Even in a state with a thriving legal cannabis industry, regulations are taking business down—literally.
This Thursday, California’s Bureau of Cannabis Control ordered billboard companies to stop selling space for cannabis marketing and take down existing ads on roads that cross state borders. Previously, such ads were only banned within a 15-mile (24-kilometer) radius of the California border.
The new decision covers about three dozen state and interstate routes, including the heavily traveled U.S. 101 in Los Angeles.
The advertisements can remain on highways that lie entirely within California borders.
The decision heeds a ruling by a judge in San Luis Obispo County that found interstate highway cannabis ads are illegal under Proposition 64. The voter-approved 2016 ballot measure legalized marijuana for adult recreational use and included restrictions on advertisements.
California boasts the world’s largest cannabis industry, with sales surpassing $3 billion in 2019.
The move could prove extremely costly to the multibillion-dollar legal cannabis industry, which already must battle for market share while contending with restrictions, taxes and illegal pot providers.
“This makes it much harder for legal cannabis businesses to attract new customers, including customers that were shopping on the illicit market,” said Lindsay Robinson, executive director of the California Cannabis Industry Association.

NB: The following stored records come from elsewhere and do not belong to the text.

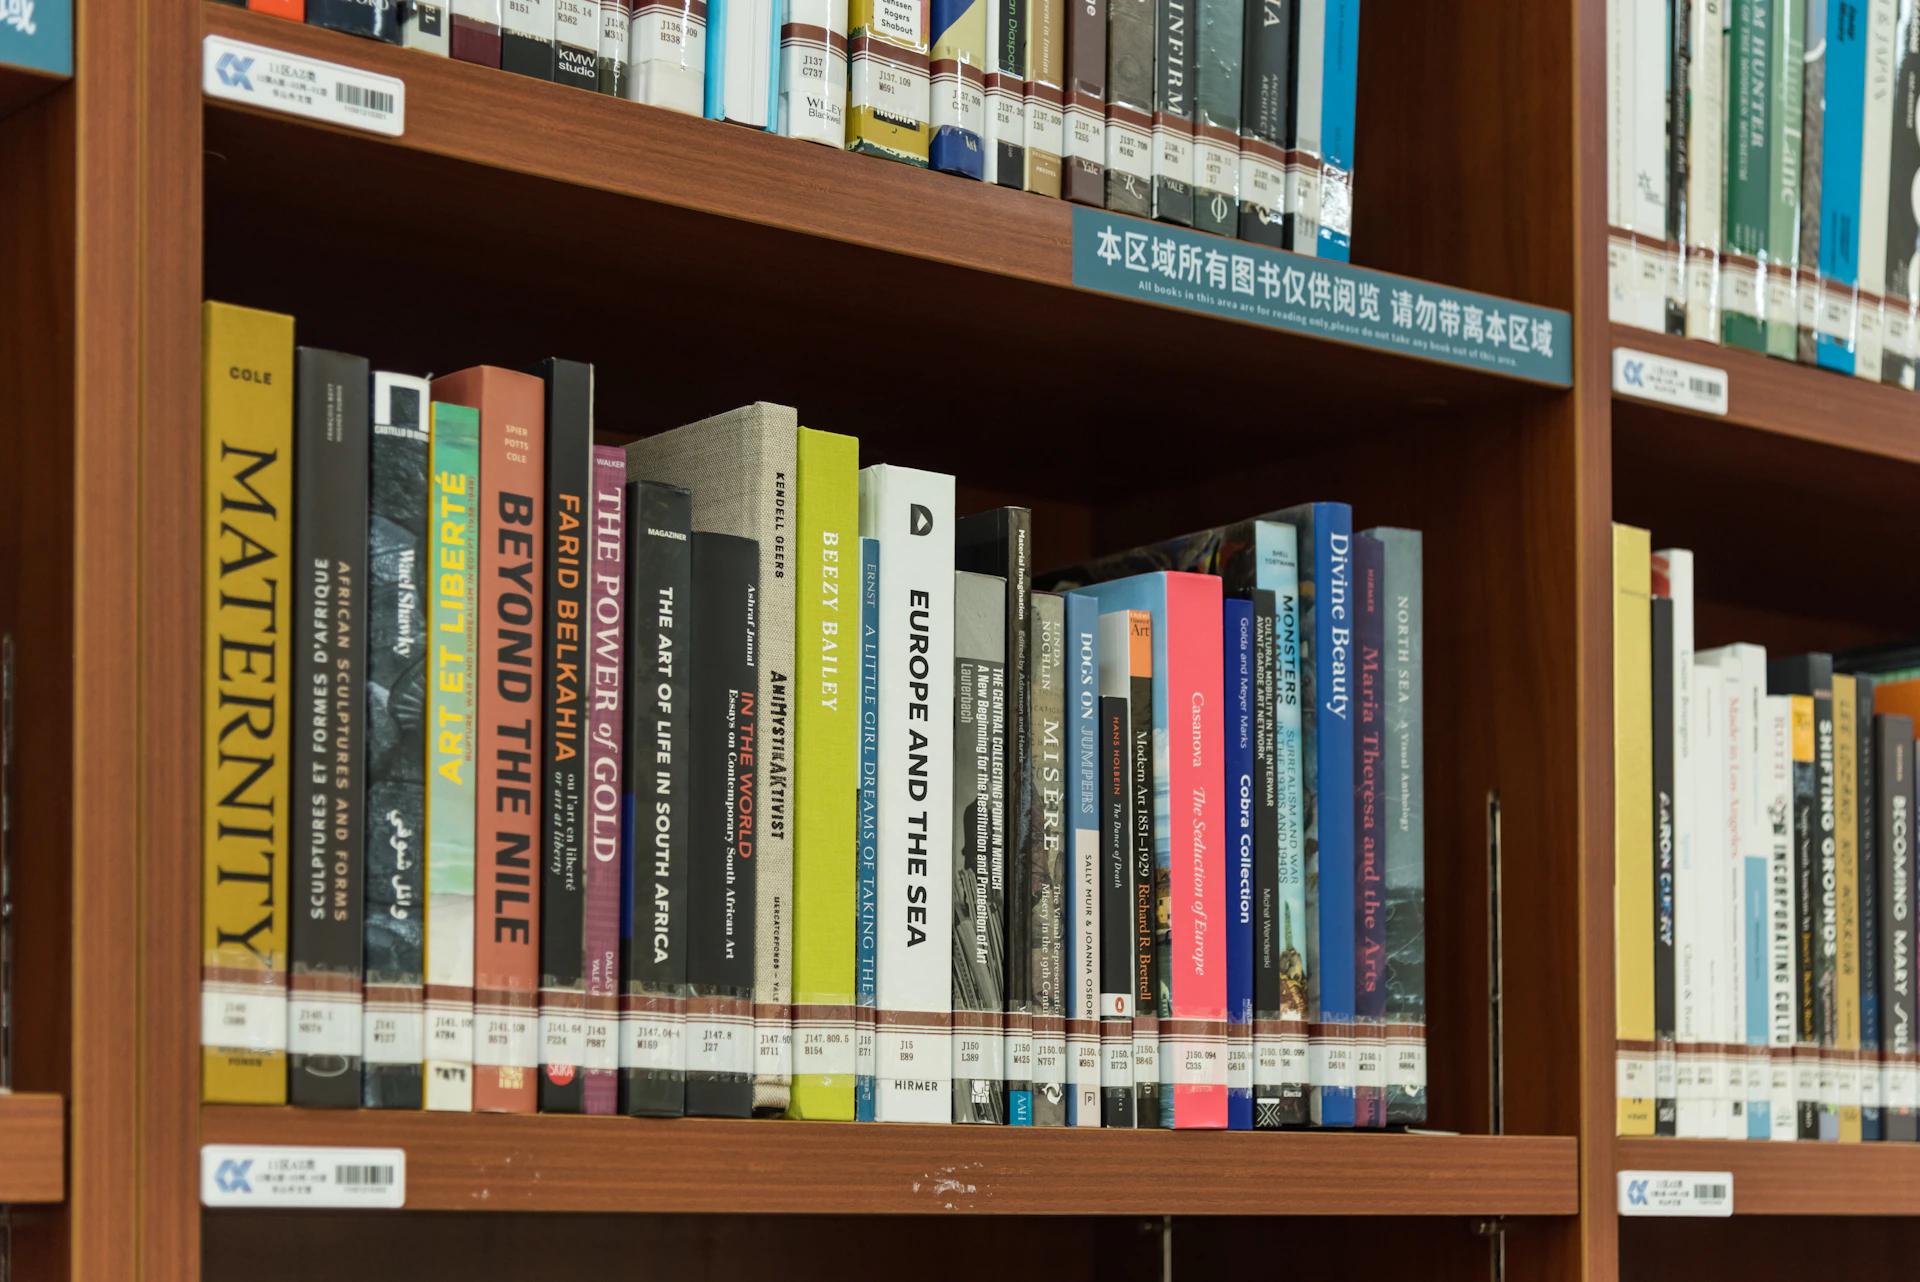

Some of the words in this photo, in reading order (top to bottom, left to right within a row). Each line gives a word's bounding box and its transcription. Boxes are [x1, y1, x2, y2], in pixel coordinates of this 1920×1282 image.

[557, 14, 578, 27] R362
[881, 18, 914, 36] Shabout
[884, 8, 911, 23] Rogers
[558, 61, 595, 79] studio
[559, 49, 596, 68] KMW
[802, 67, 823, 79] C737
[803, 55, 823, 67] J137
[879, 70, 911, 88] J137.109
[1751, 37, 1765, 148] HUNTER
[1082, 160, 1098, 175] Yale
[1167, 180, 1184, 193] YALE
[1097, 230, 1381, 322] 本区域所有图书仅供阅览
[1390, 289, 1554, 359] 请勿带离本区域
[1138, 280, 1151, 293] All
[1154, 283, 1182, 299] books
[1185, 288, 1195, 301] in
[1196, 291, 1214, 305] this
[1217, 297, 1237, 311] area
[1240, 300, 1256, 313] are
[1257, 303, 1271, 316] for
[1272, 306, 1307, 326] reading
[1361, 326, 1373, 337] do
[1375, 328, 1389, 341] not
[1391, 330, 1410, 345] take
[1412, 337, 1428, 352] any
[1430, 338, 1450, 354] book
[1452, 343, 1467, 357] out
[1468, 344, 1478, 358] of
[1480, 347, 1496, 362] this
[229, 366, 272, 385] COLE
[557, 493, 580, 590] FARID
[597, 487, 621, 563] THE
[435, 471, 466, 633] LIBERTÉ
[1018, 529, 1026, 566] Material
[822, 531, 839, 612] BEEZY
[1331, 532, 1349, 620] Divine
[337, 561, 350, 648] AFRICAN
[497, 490, 534, 703] BEYOND
[658, 587, 673, 628] THE
[1017, 568, 1026, 620] Imagination
[595, 573, 621, 711] POWER
[865, 624, 876, 637] A
[1240, 617, 1249, 650] Golda
[1265, 617, 1273, 668] CULTURAL
[1283, 595, 1296, 706] MONSTERS
[439, 645, 464, 694] ET
[657, 633, 672, 677] ART
[821, 620, 838, 712] BAILEY
[864, 643, 877, 705] LITTLE
[908, 589, 930, 722] EUROPE
[992, 668, 1004, 685] THE
[1240, 653, 1248, 674] and
[1327, 626, 1350, 720] Beauty
[555, 600, 579, 762] BELKAHIA
[657, 683, 672, 714] OF
[977, 674, 989, 698] New
[1239, 677, 1249, 712] Meyer
[1265, 671, 1273, 717] MOBILITY
[1363, 645, 1378, 723] Maria
[217, 440, 278, 969] MATERNITY
[336, 658, 350, 789] SCULPTURES
[726, 689, 739, 728] Essays
[741, 691, 754, 716] IN
[992, 687, 1004, 734] CENTRAL
[1265, 720, 1273, 728] IN
[438, 705, 463, 786] ART
[593, 722, 618, 752] of
[656, 721, 672, 765] LIFE
[728, 732, 735, 749] on
[739, 722, 754, 766] THE
[864, 711, 876, 755] GIRL
[976, 700, 989, 754] Beginning
[1191, 692, 1205, 768] Casanova
[1240, 716, 1249, 749] Marks
[496, 719, 531, 815] THE
[656, 772, 671, 795] IN
[908, 729, 928, 802] AND
[977, 756, 989, 771] for
[977, 773, 989, 790] the
[992, 737, 1004, 799] COLLECTING
[1266, 754, 1274, 806] INTERWAR
[1363, 732, 1379, 829] Theresa
[1820, 720, 1834, 832] SHIFTING
[335, 798, 348, 841] AND
[592, 756, 618, 863] GOLD
[725, 752, 737, 845] Contemporary
[738, 774, 753, 859] WORLD
[863, 764, 876, 840] DREAMS
[992, 801, 1004, 831] POINT
[1193, 786, 1206, 816] The
[1240, 774, 1251, 828] Cobra
[387, 809, 413, 870] شوقي
[655, 801, 671, 878] SOUTH
[907, 811, 927, 876] THE
[977, 792, 989, 852] Restitution
[992, 834, 1003, 844] IN
[1659, 791, 1672, 869] AARON
[726, 847, 735, 884] South
[863, 848, 876, 871] OF
[977, 854, 988, 874] and
[991, 847, 1003, 890] MUNICH
[1193, 818, 1207, 903] Seduction
[1240, 833, 1250, 924] Collection
[1364, 836, 1380, 881] and
[1893, 795, 1907, 921] BECOMING
[334, 851, 347, 921] FORMS
[391, 875, 411, 919] وائل
[494, 831, 531, 946] NILE
[976, 876, 988, 932] Protection
[1822, 837, 1836, 957] GROUNDS
[653, 883, 669, 964] AFRICA
[726, 886, 736, 936] African
[862, 877, 875, 949] TAKING
[907, 884, 927, 948] SEA
[1191, 900, 1207, 920] of
[1364, 890, 1380, 929] the
[1660, 872, 1673, 947] CURRY
[725, 940, 735, 960] Art
[976, 934, 988, 946] of
[976, 947, 988, 964] Art
[1192, 922, 1207, 976] Europe
[862, 955, 875, 993] THE
[1365, 936, 1380, 992] Arts
[1894, 930, 1908, 996] MARY
[586, 1025, 606, 1037] J143
[703, 1031, 732, 1042] J147.8
[703, 1042, 718, 1053] J27
[760, 1046, 779, 1057] H711
[804, 1045, 823, 1056] B154
[805, 1033, 849, 1044] J147.809.5
[858, 1047, 871, 1057] E71
[859, 1035, 872, 1046] J15
[900, 1040, 913, 1051] J15
[961, 1041, 980, 1052] J150
[1014, 1044, 1030, 1054] J150
[900, 1051, 913, 1062] E89
[961, 1052, 979, 1063] L389
[1037, 1056, 1055, 1066] N757
[1186, 1051, 1217, 1061] J150.094
[1186, 1062, 1202, 1071] C335
[894, 1079, 938, 1092] HIRMER

At the same time, some anti-legalization organizations applaud the restriction.
“This one means a lot to us,” said Kevin Sabet, president of Smart Approaches to Marijuana, according to a report by The Orange County Register. “Weed billboards have no place on our highway where they can influence minors.”
The Cannabis Control Bureau hasn’t provided a deadline for removal of the billboard ads and it wasn’t immediately clear what kind of penalties might be imposed, the Orange County Register reported.
“We’re starting the notification process and answering questions from licensees that have billboards up now to try and best understand their situation,” bureau spokesman Alex Traverso told the paper on Friday.
The Associated Press contributed to this report.